- Task requirements -
Please return every entry below exactly as written, without any of its pictures.

- Collected data -
※ ※ ※

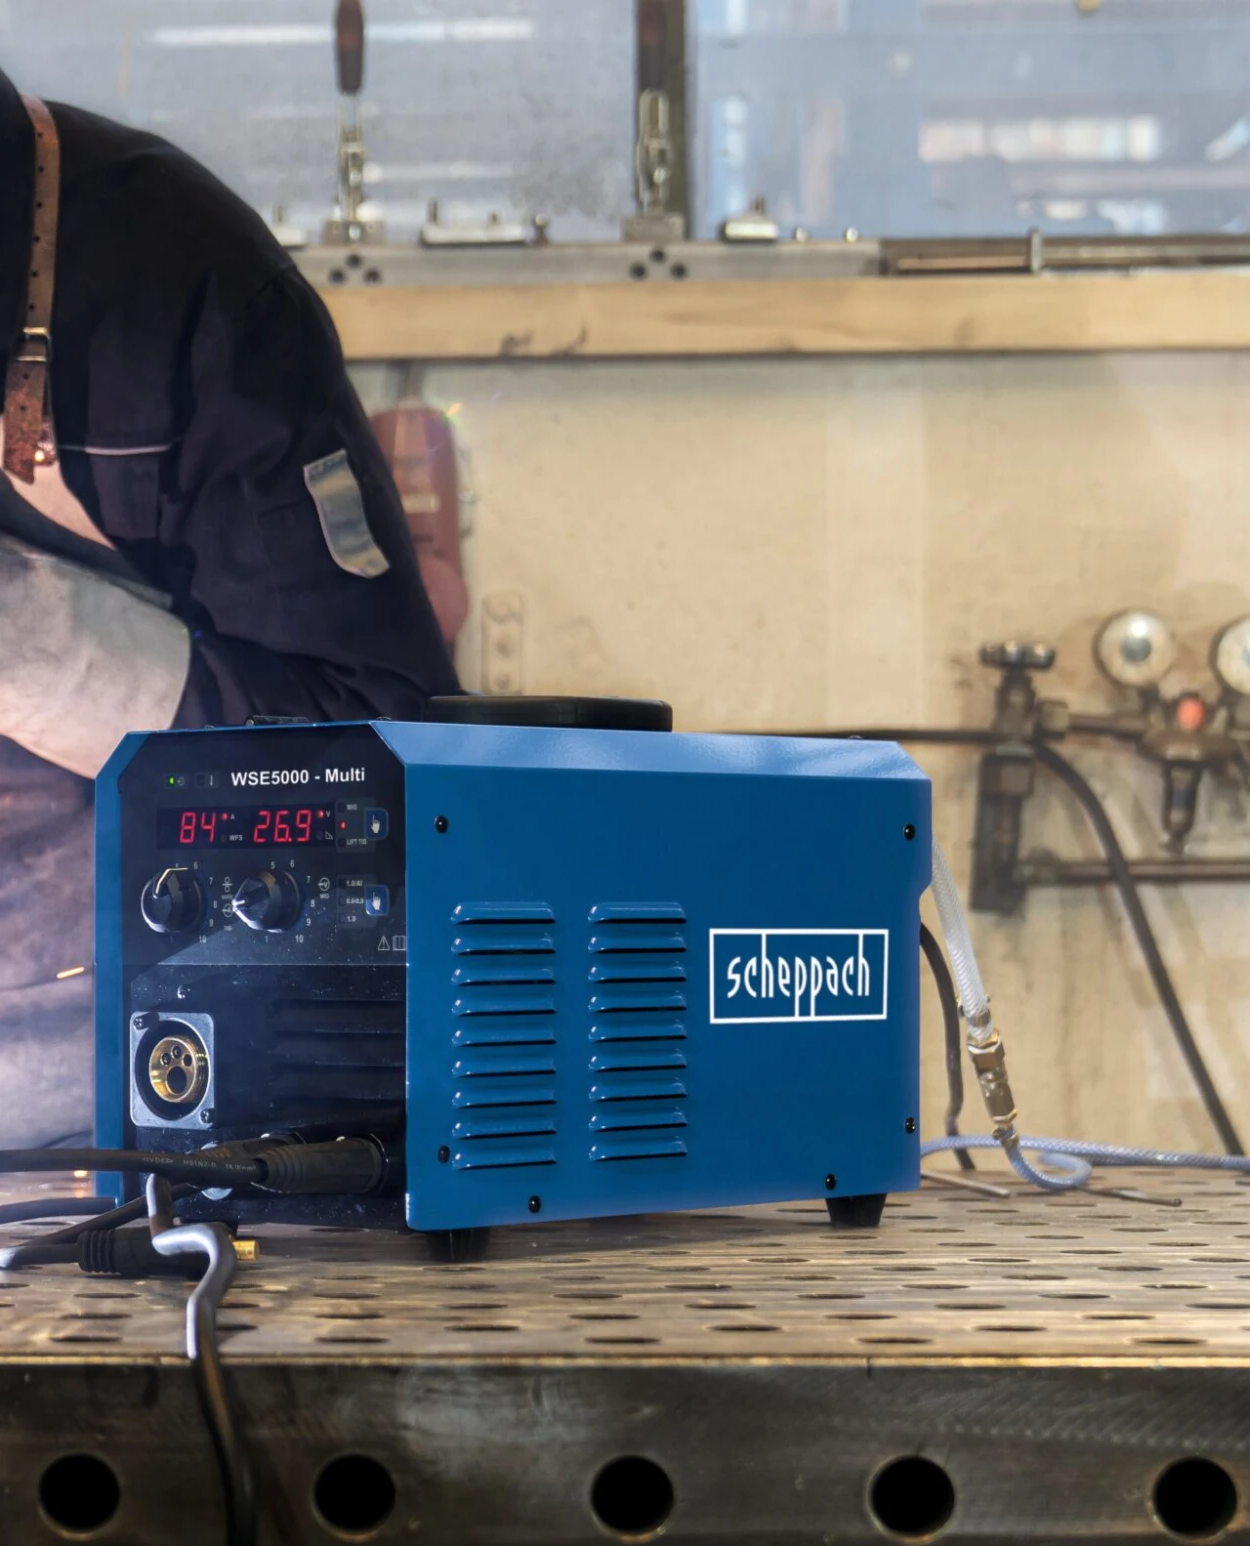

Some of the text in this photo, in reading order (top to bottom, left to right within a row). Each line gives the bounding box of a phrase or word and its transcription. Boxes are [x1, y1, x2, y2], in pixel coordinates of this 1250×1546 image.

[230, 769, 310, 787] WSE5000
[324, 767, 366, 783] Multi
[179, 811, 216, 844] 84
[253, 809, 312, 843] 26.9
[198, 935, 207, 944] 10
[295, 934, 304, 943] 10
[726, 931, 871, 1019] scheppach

※ ※ ※

- Expected answer -
Some of the text in this photo, in reading order (top to bottom, left to right within a row). Each line gives the bounding box of a phrase or word and its transcription. Boxes are [x1, y1, x2, y2], in pixel coordinates of this 1250×1546 image.

[230, 769, 310, 787] WSE5000
[324, 767, 366, 783] Multi
[179, 811, 216, 844] 84
[253, 809, 312, 843] 26.9
[198, 935, 207, 944] 10
[295, 934, 304, 943] 10
[726, 931, 871, 1019] scheppach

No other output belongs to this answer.